This was the way of St. Augustine.

From the time of the fathers the church has seen Pentecost as the reversal of the Tower of Babel.  At Babel, one language became many; at Pentecost, many languages become one.   In the instant the church was born, she spoke with one voice.

This is the power of our God.  In this power – in His power — are our strength and our hope.  In this power – in His power — is the reason we shall not lose heart.  We are His church, and the gates of hell will not stand against us.

At Babel, God confused the tongues of the nations; at Pentecost He reversed the confusion.  At Babel, God scattered the people in judgment; at Pentecost He distributed the people to publish the gospel to all the nations.

At Babel, the people used language to advance a human agenda; at Pentecost, language became a sign to declare the power of God.  At Babel, disunity radiated outward as when a stone causes ripples in a pond; at Pentecost, people flew together as iron filings to a magnet.

Our God is ever merciful.  In the Garden, he drove man out so he could not continue to eat from the tree of life and live forever in his sinful state.  At Babel, He drove man away, delaying judgment on the City of Man and affording His creatures an opportunity of repentance.

Only God could tolerate the sin of His creatures; only God could provide a remedy for it.  After the great flood, when God looked down and saw that sin was once again rampant on the earth, He called Abraham out of Ur of the Chaldees to begin to form a people for His holy name.

Later He would send a man, born of a woman, born under the law, to complete the work.  This man, after His resurrection from the dead but before His ascension into heaven, would commission His apostles, or messengers, to “make disciples of all nations,” going “to the end of the earth” to take the gospel to every nation, tribe, tongue and people.

But wait, He told them, until you receive the gift of the Holy Spirit.  They received that gift on this day, Pentecost, the 50th day after the Feast of Unleavened Bread, which was celebrated at the time of harvest.  In God’s economy the harvest of grain would ever thereafter trigger the memory of the harvest of souls.

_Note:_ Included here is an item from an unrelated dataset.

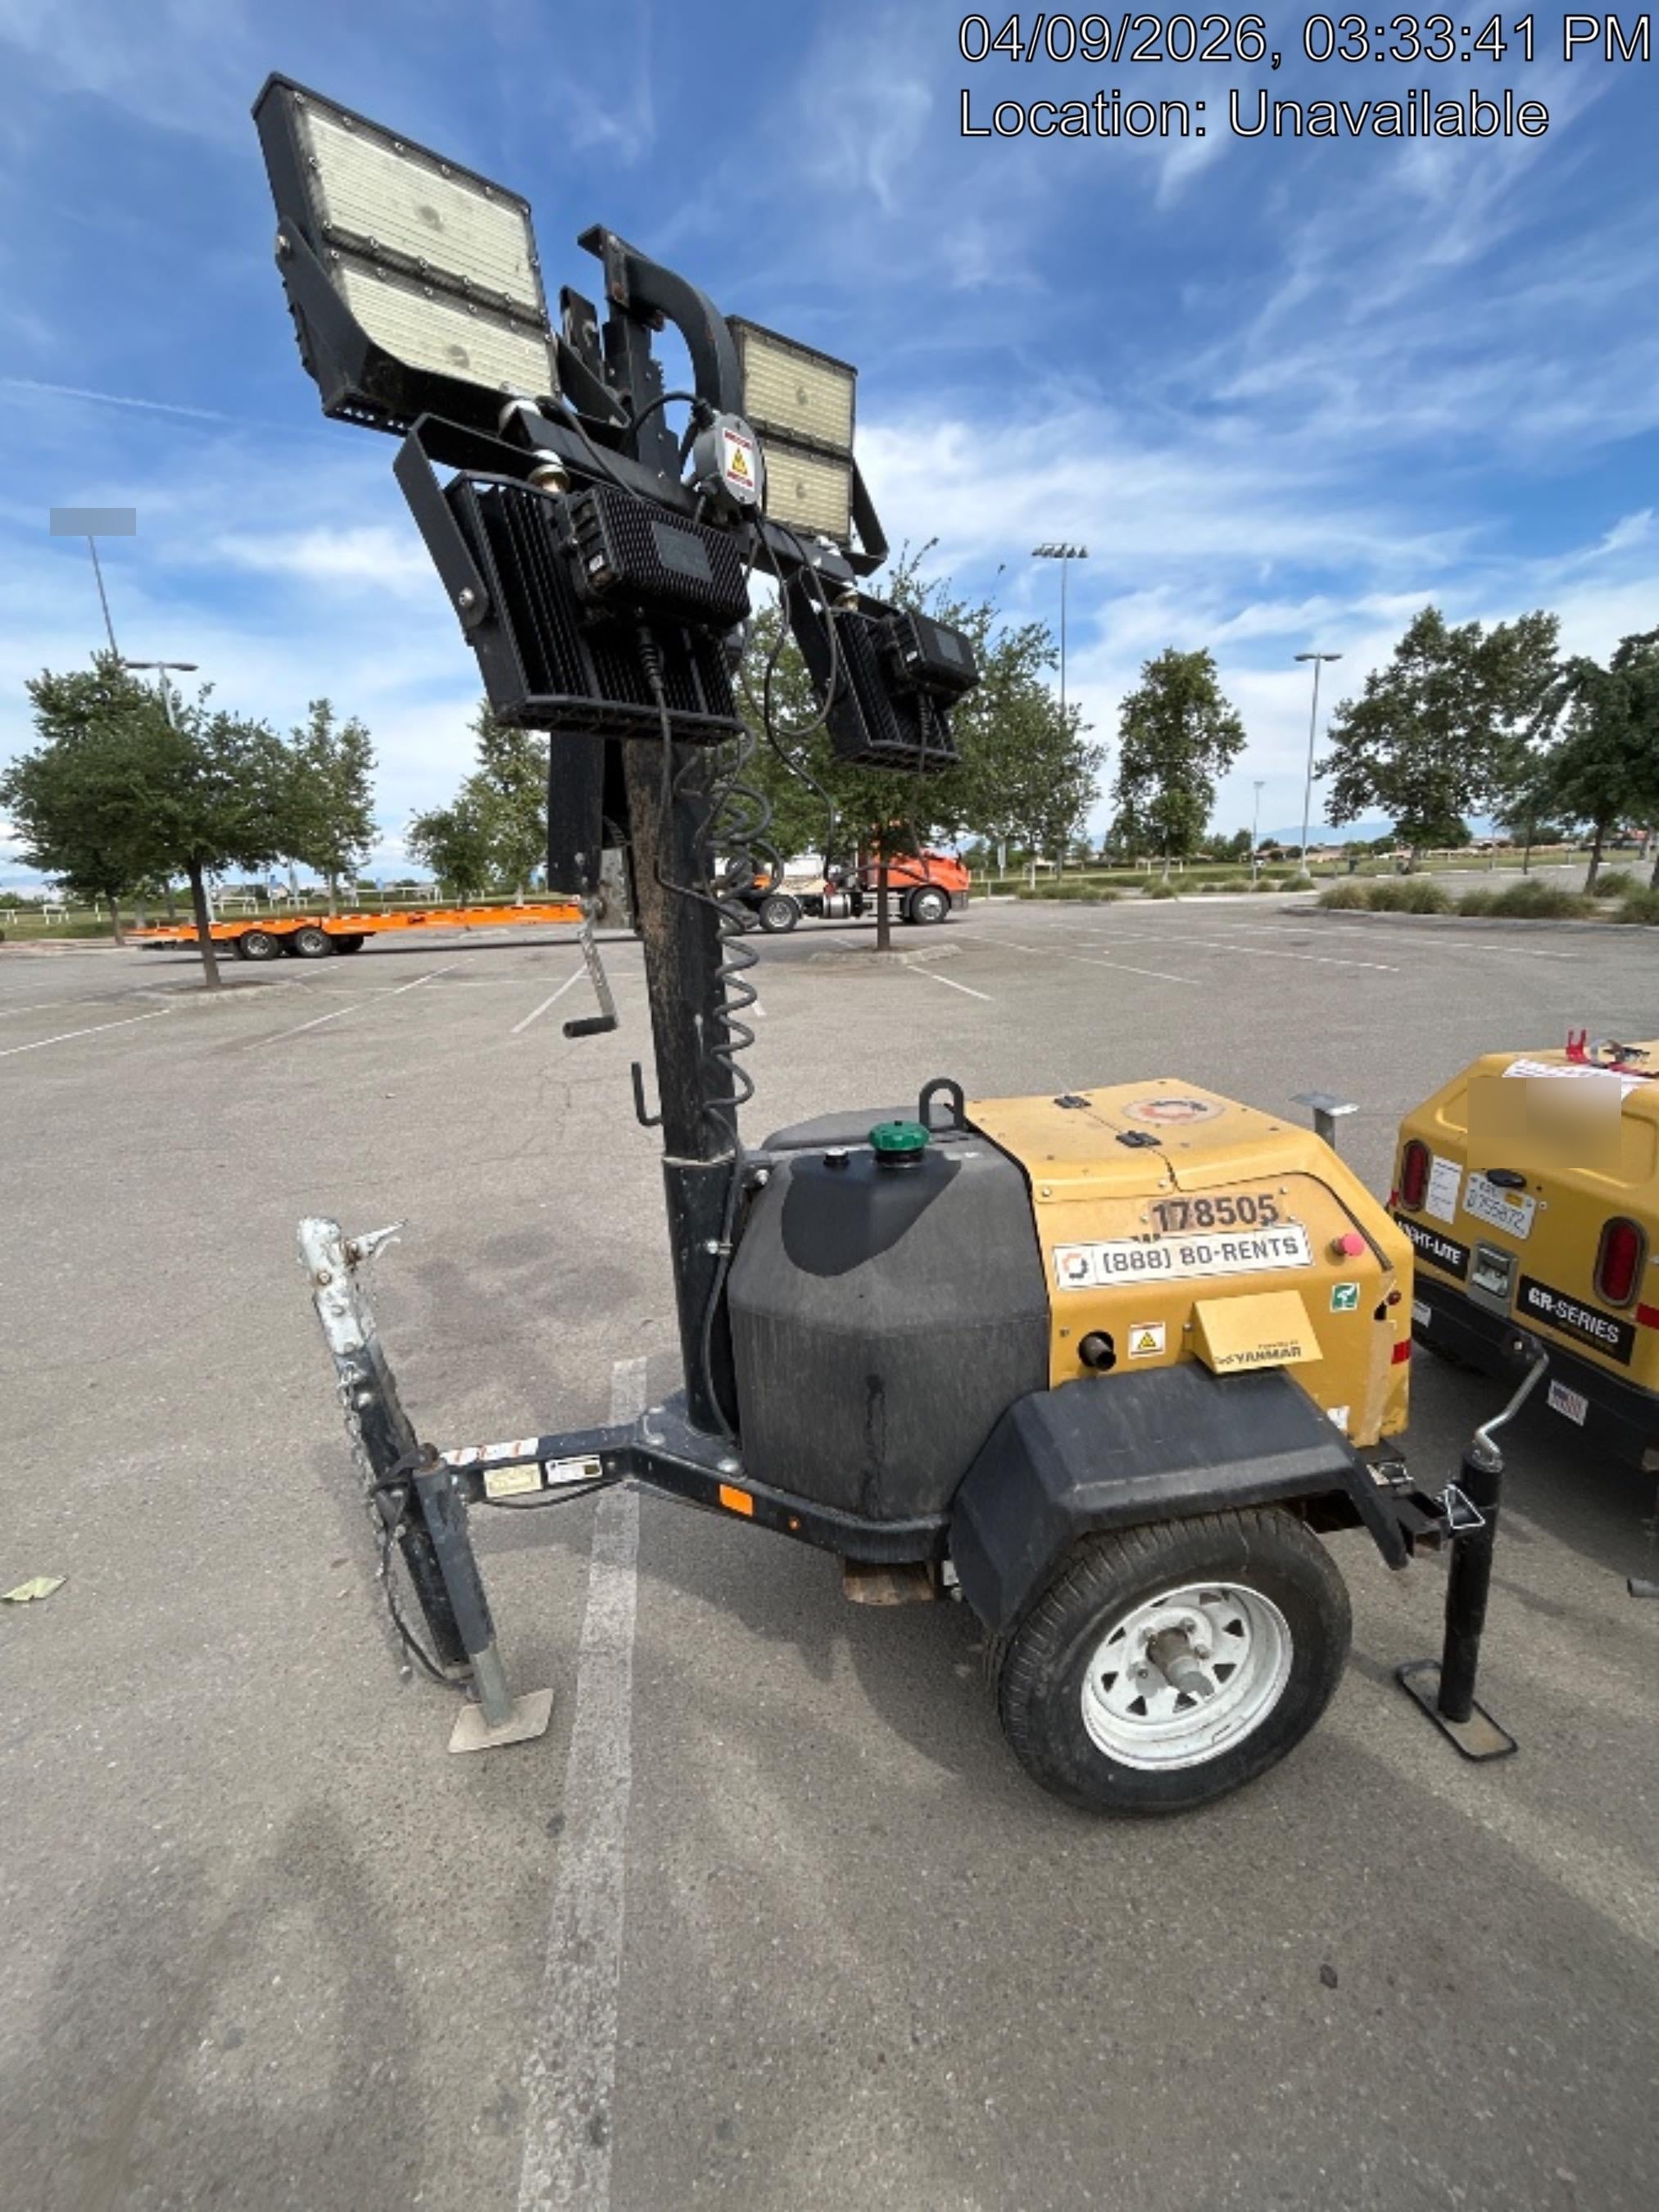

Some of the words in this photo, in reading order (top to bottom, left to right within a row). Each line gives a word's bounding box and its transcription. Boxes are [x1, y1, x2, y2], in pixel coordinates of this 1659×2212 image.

[1152, 1194, 1279, 1231] 178505
[1528, 1287, 1620, 1344] GR-SERIES
[1235, 1345, 1301, 1364] YANMAR

Even back in the day of the prophet Joel, God had promised to send His people a Helper.  The Son would pray to the Father, and the Father would send this Helper.  Of course, not everyone is astute enough to recognize a helper when the Father sends one.  I recall one soul who did.

This woman received a call at work informing her that her daughter was sick.  On her way to the school, she stopped at the pharmacy to get medicine.  When she got back to her car she found that in her haste she had locked her keys inside.

She spied an old rusty coat hanger on the ground.  She had heard of using a coat hanger to pop the lock, but even as she picked it up she thought, “I have no idea how to use this.”

She bowed her head and asked God to send a helper.  In less than five minutes a beat-up old motorcycle pulled up. The rider wore a scraggly red beard and a do-rag.  He got off of his motorcycle and asked if he could help.

The woman said: “Oh, yes, please, my daughter is sick. I’ve locked my keys in my car. I must pick her up. Can you use this hanger to unlock my car?”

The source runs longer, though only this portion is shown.